Pasquale De Candia e la mission impossible: "Felice di questa impresa"

"Che soddisfazione lo striscione a Casarano: mi chiamano grande uomo, no grande allenatore. Il lato umano viene prima di tutto"

Calcio
Molfetta martedì 15 giugno 2021
di Angelo Ciocia
Pasquale De Candia
Pasquale De Candia © n.c.

Partire da un lato della Murgia con ambizioni di alta classifica. Ritrovarsi sull’altra sponda a sgomitare per mantenere quella serie D. Nel mezzo un percorso folle, un campionato strano per l’emergenza sanitaria, il fattore campo saltato su tutti gli stadi. Ma alla fine ecco il grande successo: mister Pasquale de Candia riesce nell’ennesima impresa, salva il Gravina e strappa applausi.

“Ad aprile è arrivata la chiamata di Moscelli, interpellato prima di me dal Gravina per dare una sterzata alla stagione, ho detto subito sì”, le parole dell’allenatore molfettese.

Era il dieci aprile e la società gialloblu, da ultima in classifica, optava per il terzo cambio in panchina: restavano dieci gare e la voglia di salvarsi. Prima, però, la stagione di De Candia era sull’altro lato calcistico della Murgia, alla Team Altamura.
“Dopo un mese di preparazione ho pensato che Altamura non fosse la soluzione per me e io per loro. Gran parte dei giocatori scelti sono stati pensati da me, di questo sono orgoglioso. Mi sono lasciato serenamente con loro, come con tutte le squadre – le parole del tecnico - Arrivare ad Altamura ed essere salutato affettuosamente dalla gente con cui ti sei lasciato prima di iniziare un campionato è un segnale di quanto mi sto mettendo in gioco”

Poi dopo la separazione con Altamura lunghi mesi in panchina a casa. “Sapevo che per la situazione pandemica avrei faticato a trovare una squadra. Sono rimasto fermo ma il telefono squillava: ho ricevuto proposte interessanti dal girone I e dal girone C di serie D – confessa de Candia – Ma non me la sono sentita di lasciare casa in questa situazione sanitaria: eravamo zona rossa e per motivi personali, per tutelare la mia salute e quella della mia famiglia, ho aspettato pazientemente la chiamata giusta”.

Una chiamata che tarda arrivare, ma eccola. Con una missione impossibile da rendere possibile. “Ho trovato una situazione complessa, ma non un gruppo da ultimi classificati. La squadra era viva, la società ancora di più perché ha optato per il terzo cambio in panca.

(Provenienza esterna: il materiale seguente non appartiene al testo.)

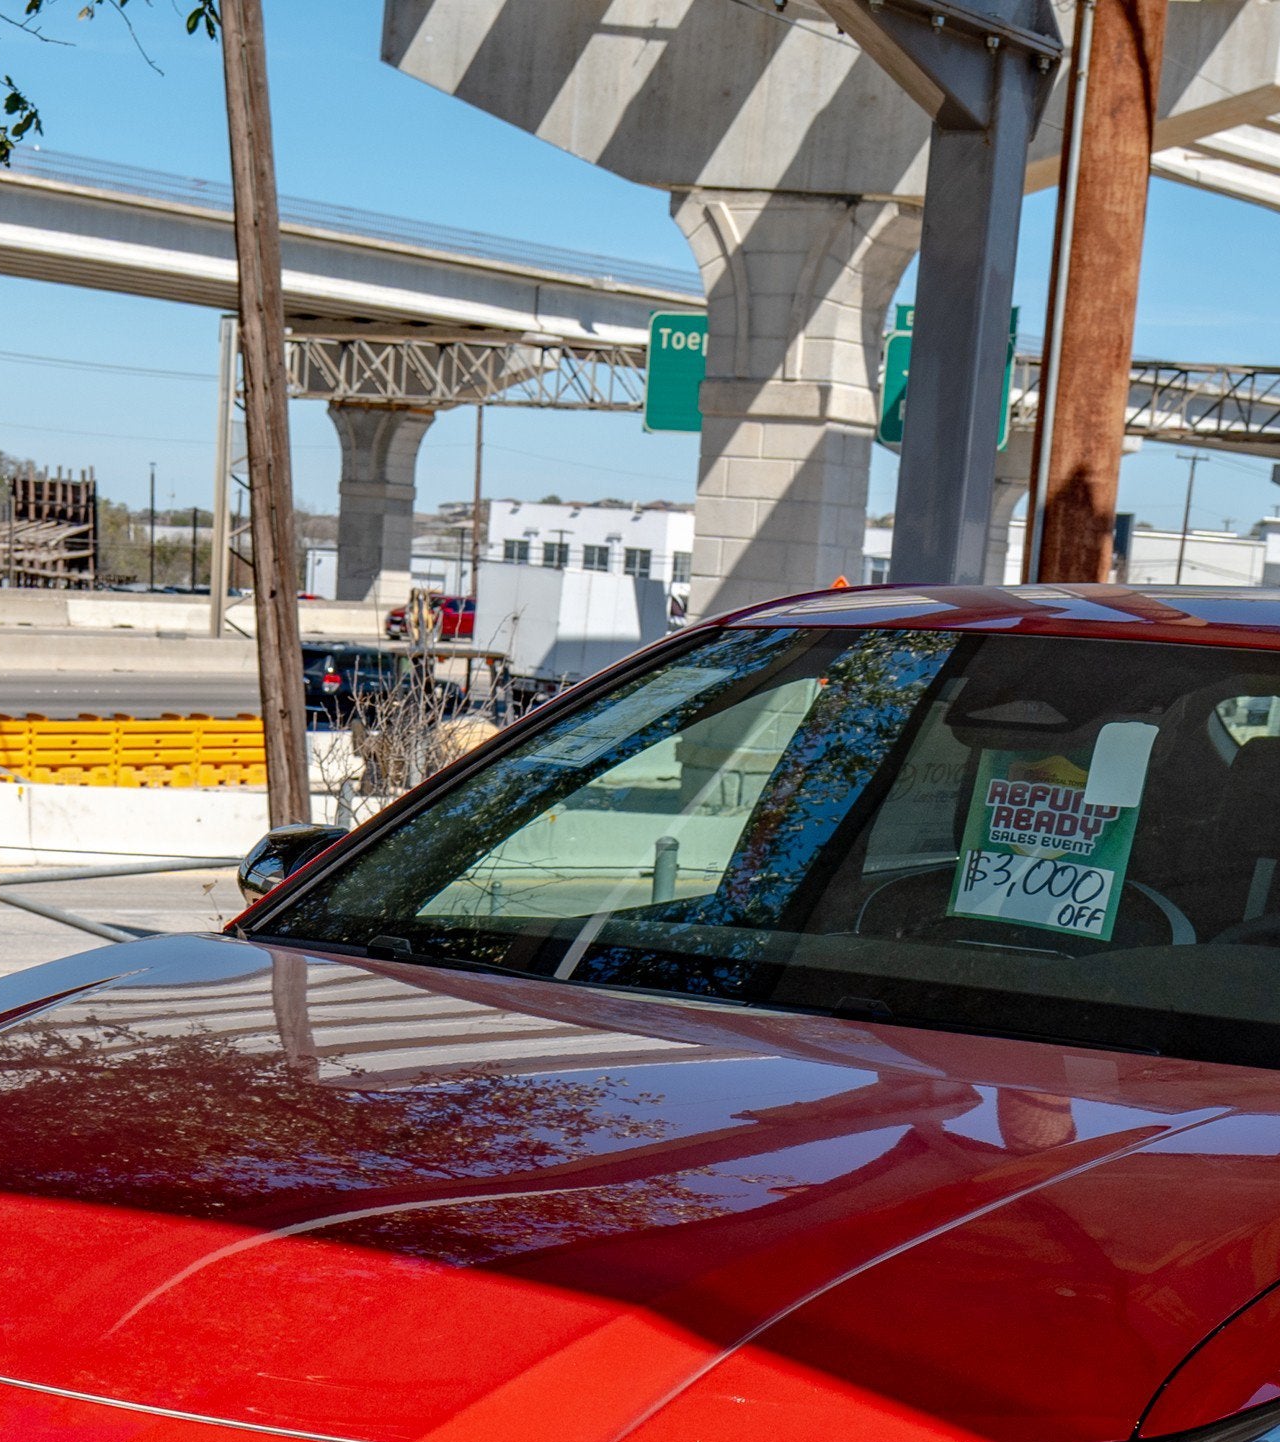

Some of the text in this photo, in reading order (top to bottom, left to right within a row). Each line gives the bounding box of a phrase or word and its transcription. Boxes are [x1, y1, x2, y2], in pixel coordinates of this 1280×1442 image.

[659, 328, 707, 356] Toe
[992, 806, 1103, 840] READY
[991, 831, 1093, 854] SALES EVENT
[964, 850, 1105, 904] $3,000
[1057, 904, 1106, 928] OFF
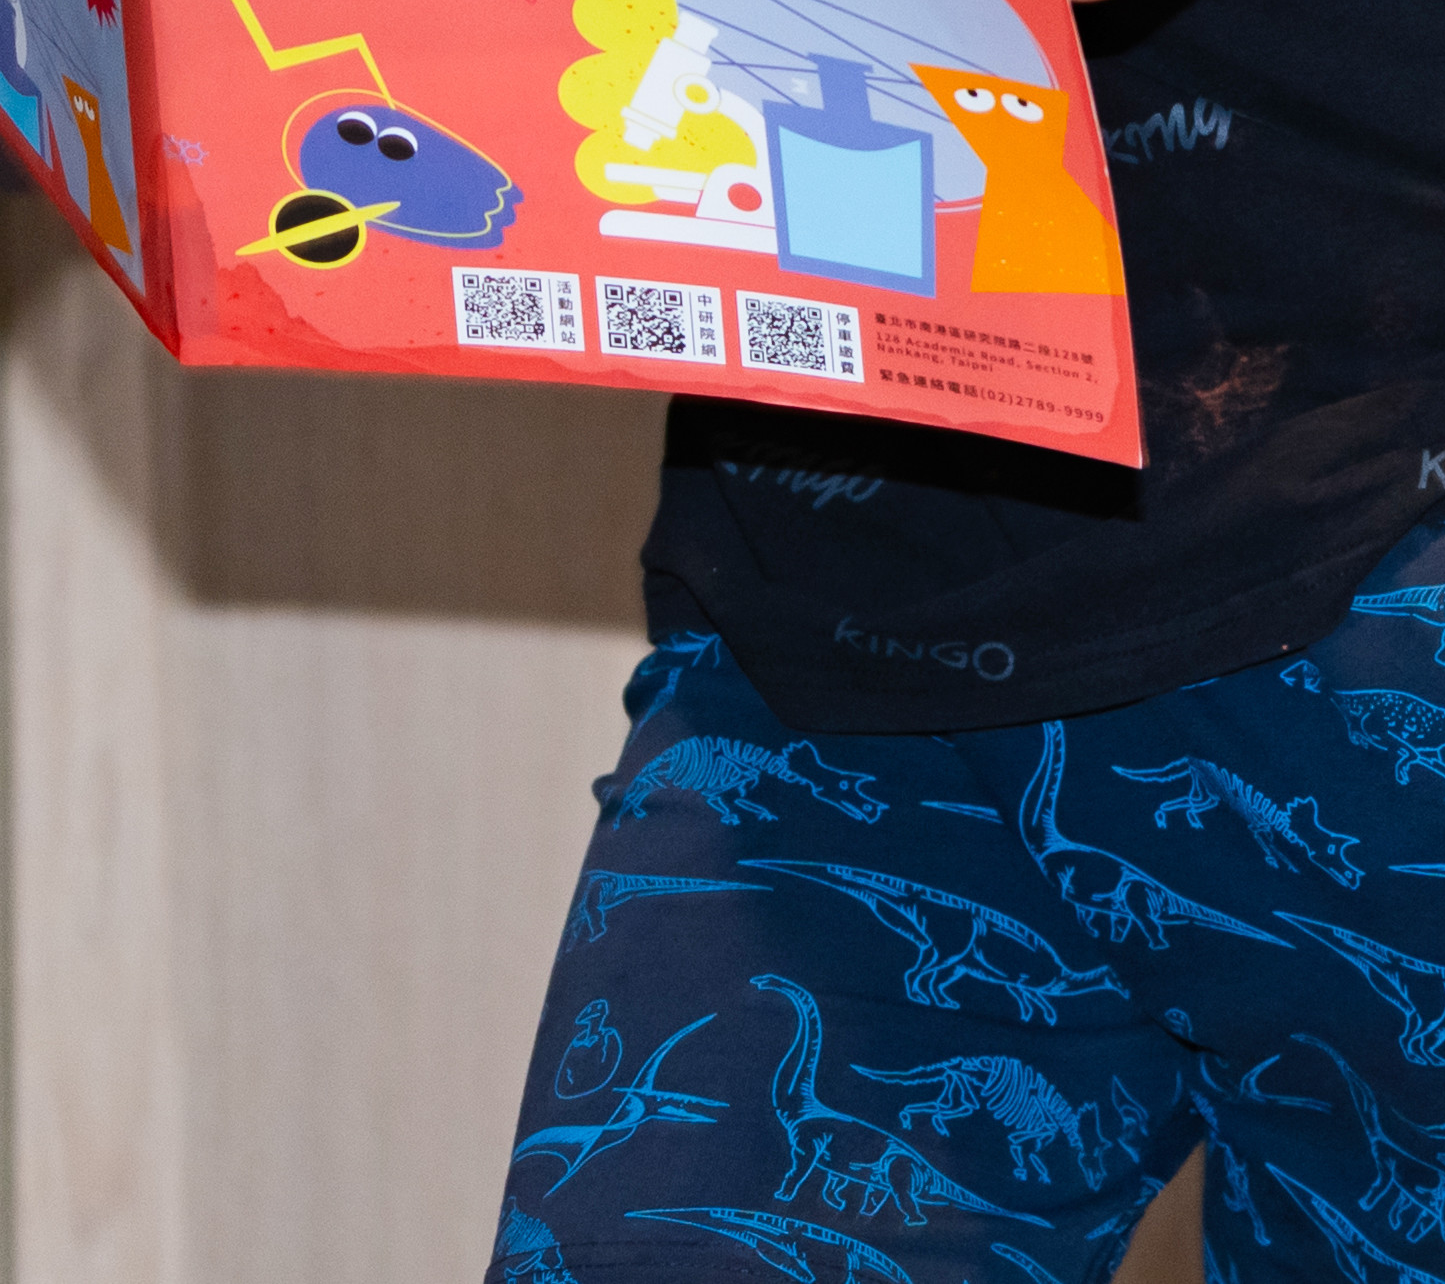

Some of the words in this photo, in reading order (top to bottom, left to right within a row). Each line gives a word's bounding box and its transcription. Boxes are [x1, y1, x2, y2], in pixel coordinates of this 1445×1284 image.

[556, 280, 576, 345] 活動網站
[697, 294, 717, 358] 中研院網
[834, 312, 856, 376] 停車繳費
[874, 311, 1095, 367] 臺北市南港區研究院路二段128號
[876, 331, 900, 345] 128
[905, 335, 976, 360] Academia
[980, 348, 1021, 369] Road,
[1025, 356, 1080, 380] Section
[876, 342, 946, 366] Nankang,
[948, 352, 994, 373] Taipei
[832, 614, 1017, 683] KINGO

Ho portato i miei valori: credo nel lavoro, nella coerenza e nel parlare poco, ma lasciar proferire parola al campo”, il diktat.

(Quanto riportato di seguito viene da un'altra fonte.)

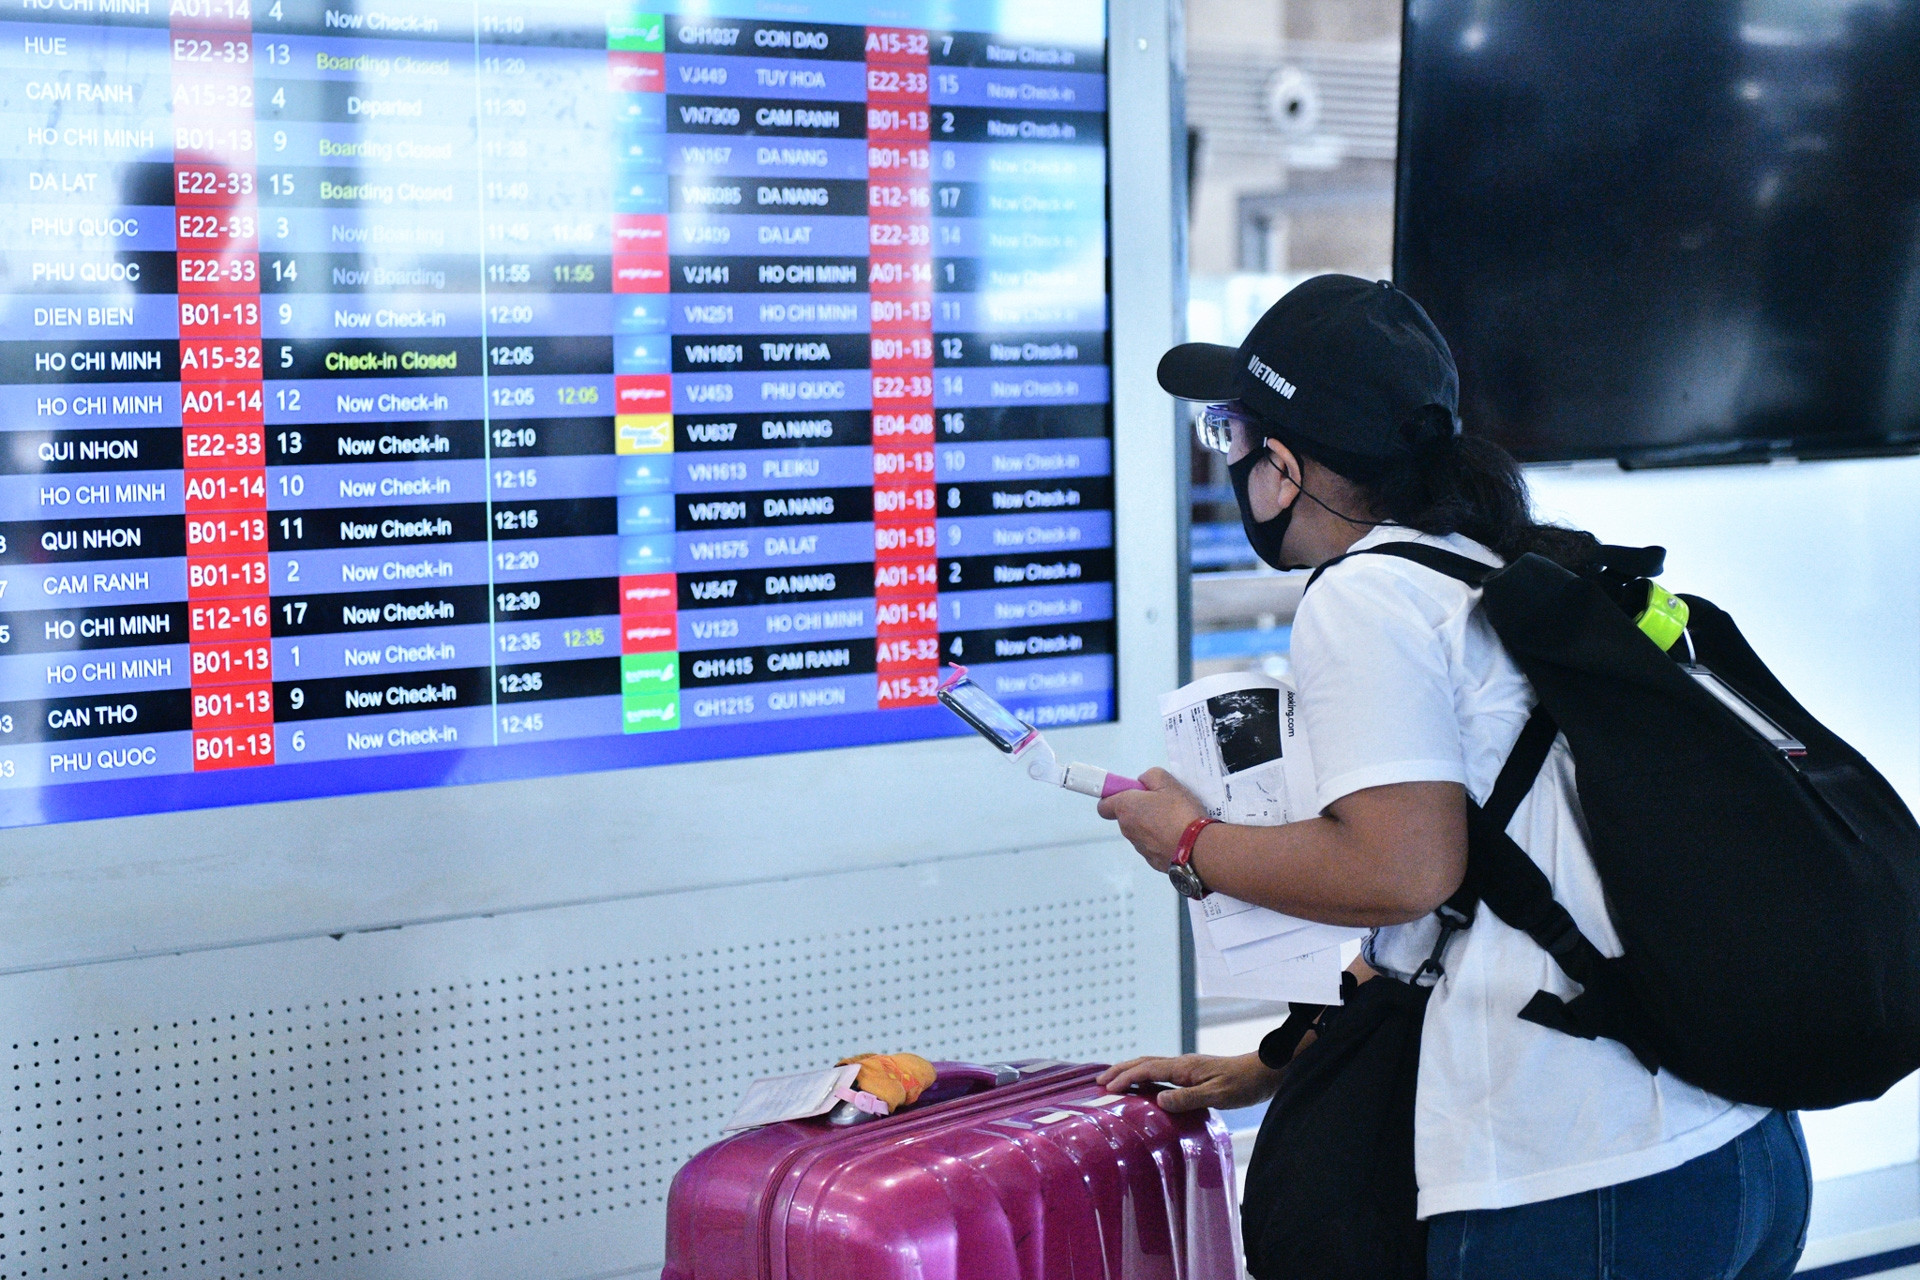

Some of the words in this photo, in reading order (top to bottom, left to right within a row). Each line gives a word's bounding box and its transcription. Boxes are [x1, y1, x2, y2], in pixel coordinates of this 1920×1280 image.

E il campo ha dato ragione. Gravina salvo matematicamente alla penultima giornata, con un finale di stagione che l’ha vista dodicesima con 35 punti. E tante piccole soddisfazioni: dopo l’esordio infelice contro Altamura e Andria, poi il pareggio di Taranto e lo sgambetto al suo ex Casarano.
Proprio il Capozza di Casarano ha regalato una grande emozione al tecnico molfettese. “Abbiamo vinto una grande gara. In me non c’era nessuna voglia di rivincita dopo l’esonero dello scorso anno. Sono stato benissimo nell’anno e mezzo salentino”, confessa De Candia.

“La cosa più bella è stata lo striscione che mi hanno dedicato i tifosi: non si parlava di Pasquale de Candia allenatore, ma sono stato definito da loro grande uomo – le sue parole – L’aspetto umano, per me, è più importante del lato tecnico. Nel mondo del calcio tanti giudizi sono drogati, un allenatore vince ed è un fenomeno, perde ed è un brocco. Quello striscione mi ha colpito perché hanno messo in primo piano il lato umano”.

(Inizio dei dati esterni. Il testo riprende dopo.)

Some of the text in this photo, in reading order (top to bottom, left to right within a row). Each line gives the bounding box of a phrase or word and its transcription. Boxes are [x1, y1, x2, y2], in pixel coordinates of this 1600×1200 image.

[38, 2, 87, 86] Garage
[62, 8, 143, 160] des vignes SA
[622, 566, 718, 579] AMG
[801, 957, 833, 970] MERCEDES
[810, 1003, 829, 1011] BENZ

Adesso il tempo del meritato relax e dei primi giudizi, poi magari sarà radiomercato a farla da padrone. “Sono contento di aver dimostrato a me stesso in primis che posso valere questa categoria difficile – il commento – E’ presto per dire dove allenerò l’anno prossimo. Mercoledì iniziano i playoff, a fine giugno ci saranno le fasi nazionali. Noi abbiamo finito, molte società ancora no. Proprio a tutte le 170 società di serie D rinnovo i miei complimenti per aver portato a termine, con caparbietà, una stagione folle e senza entrate”.

Una stagione strana, senza pubblico. Quel pubblico che ha sempre apprezzato il lato umano di un tecnico che ha sempre saputo vincere. Bitonto, Casarano, gli anni e i successi da vice allenatore. Oggi, la vittoria di Pasquale De Candia, lo scudetto del tecnico molfettese, è aver regalato un altro anno di serie D alla FBC Gravina.